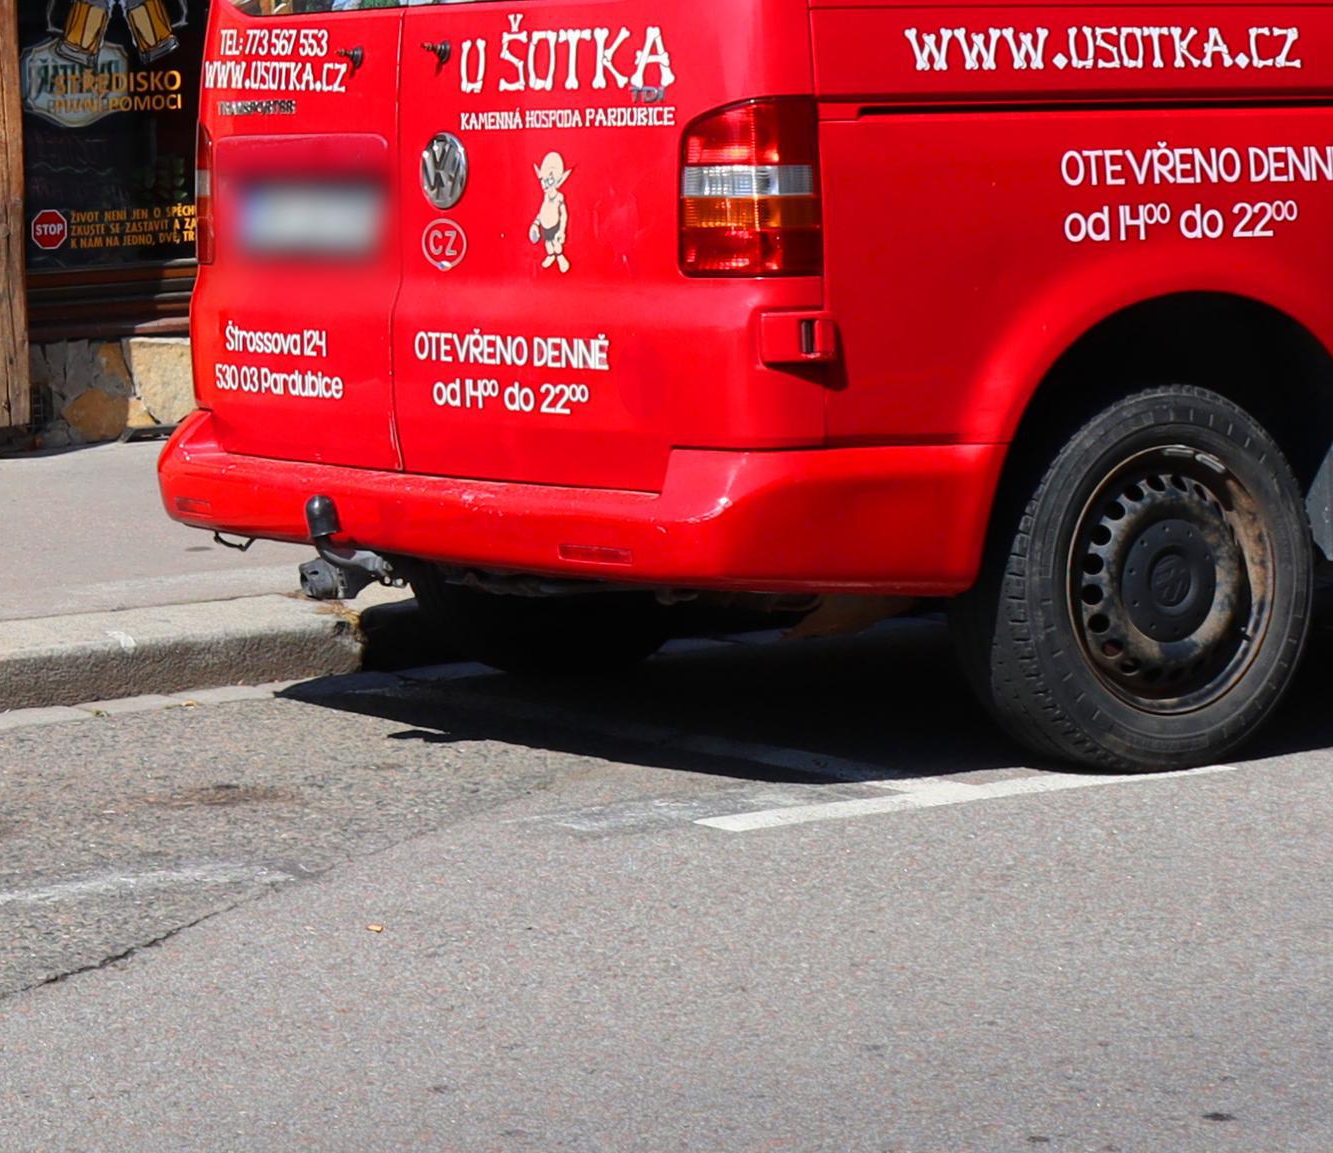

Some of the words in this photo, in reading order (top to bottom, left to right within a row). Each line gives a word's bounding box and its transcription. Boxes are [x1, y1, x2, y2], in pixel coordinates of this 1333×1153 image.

[220, 29, 244, 56] TEL:
[245, 29, 269, 55] 773
[271, 29, 297, 56] 567
[299, 29, 328, 57] 553
[460, 38, 486, 93] U
[498, 13, 676, 92] ŠOTKA
[903, 26, 1302, 71] WWW.USOTKA.CZ
[205, 60, 347, 93] WWW.USOTKA.CZ
[629, 86, 667, 103] TDI
[460, 108, 523, 131] KAMENNÁ
[525, 109, 582, 129] HOSPODA
[585, 106, 676, 127] PARDUBICE
[1061, 141, 1242, 186] OTEVŘENO
[1248, 146, 1333, 182] DENN
[166, 202, 196, 217] SPĚCH
[1064, 206, 1110, 242] od
[1180, 203, 1224, 239] do
[35, 223, 64, 236] STOP
[429, 229, 458, 257] CZ
[225, 320, 301, 356] Štrossova
[303, 329, 327, 357] 124
[414, 328, 528, 367] OTEVŘENO
[533, 333, 609, 370] DENNĚ
[215, 363, 238, 390] 530
[240, 366, 259, 393] 03
[261, 367, 343, 399] Pardubice
[433, 378, 461, 407] od
[504, 382, 535, 412] do
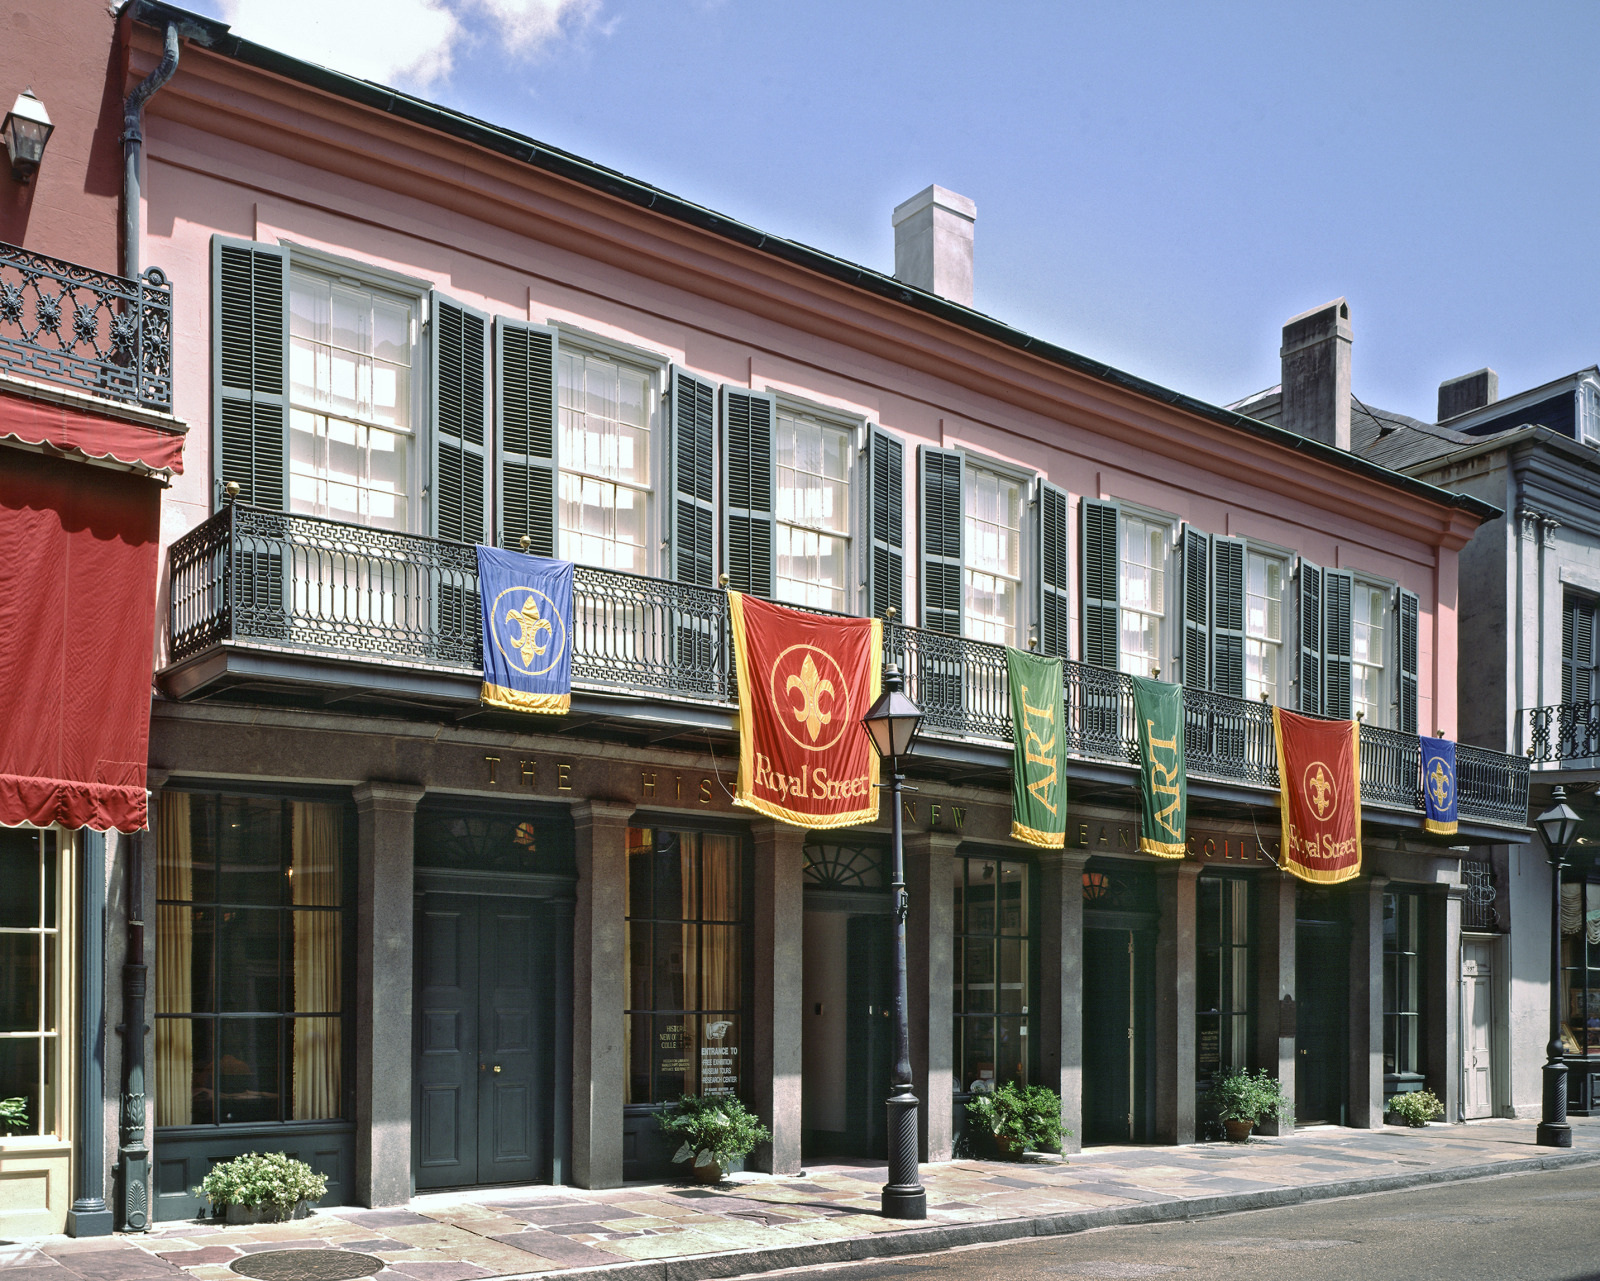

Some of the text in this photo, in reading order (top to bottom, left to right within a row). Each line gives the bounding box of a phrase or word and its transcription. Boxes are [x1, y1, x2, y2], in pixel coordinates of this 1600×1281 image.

- - -

→ **Directions for this task**:
Write out every entry above exactly, minus the pictures.

→ **Response to the task**:
Some of the words in this photo, in reading order (top to bottom, left to right within a row). Each line gives a word's bounding box and its transcription. Boxes are [x1, y1, x2, y2], in pixel coordinates of this 1333×1153 image.

[220, 29, 244, 56] TEL:
[245, 29, 269, 55] 773
[271, 29, 297, 56] 567
[299, 29, 328, 57] 553
[460, 38, 486, 93] U
[498, 13, 676, 92] ŠOTKA
[903, 26, 1302, 71] WWW.USOTKA.CZ
[205, 60, 347, 93] WWW.USOTKA.CZ
[629, 86, 667, 103] TDI
[460, 108, 523, 131] KAMENNÁ
[525, 109, 582, 129] HOSPODA
[585, 106, 676, 127] PARDUBICE
[1061, 141, 1242, 186] OTEVŘENO
[1248, 146, 1333, 182] DENN
[166, 202, 196, 217] SPĚCH
[1064, 206, 1110, 242] od
[1180, 203, 1224, 239] do
[35, 223, 64, 236] STOP
[429, 229, 458, 257] CZ
[225, 320, 301, 356] Štrossova
[303, 329, 327, 357] 124
[414, 328, 528, 367] OTEVŘENO
[533, 333, 609, 370] DENNĚ
[215, 363, 238, 390] 530
[240, 366, 259, 393] 03
[261, 367, 343, 399] Pardubice
[433, 378, 461, 407] od
[504, 382, 535, 412] do

Some of the text in this photo, in reading order (top to bottom, left to right within a row). Each line gives the bounding box of a phrase or word and its transcription. Boxes are [x1, y1, x2, y2], in pixel coordinates of this 1600×1281 image.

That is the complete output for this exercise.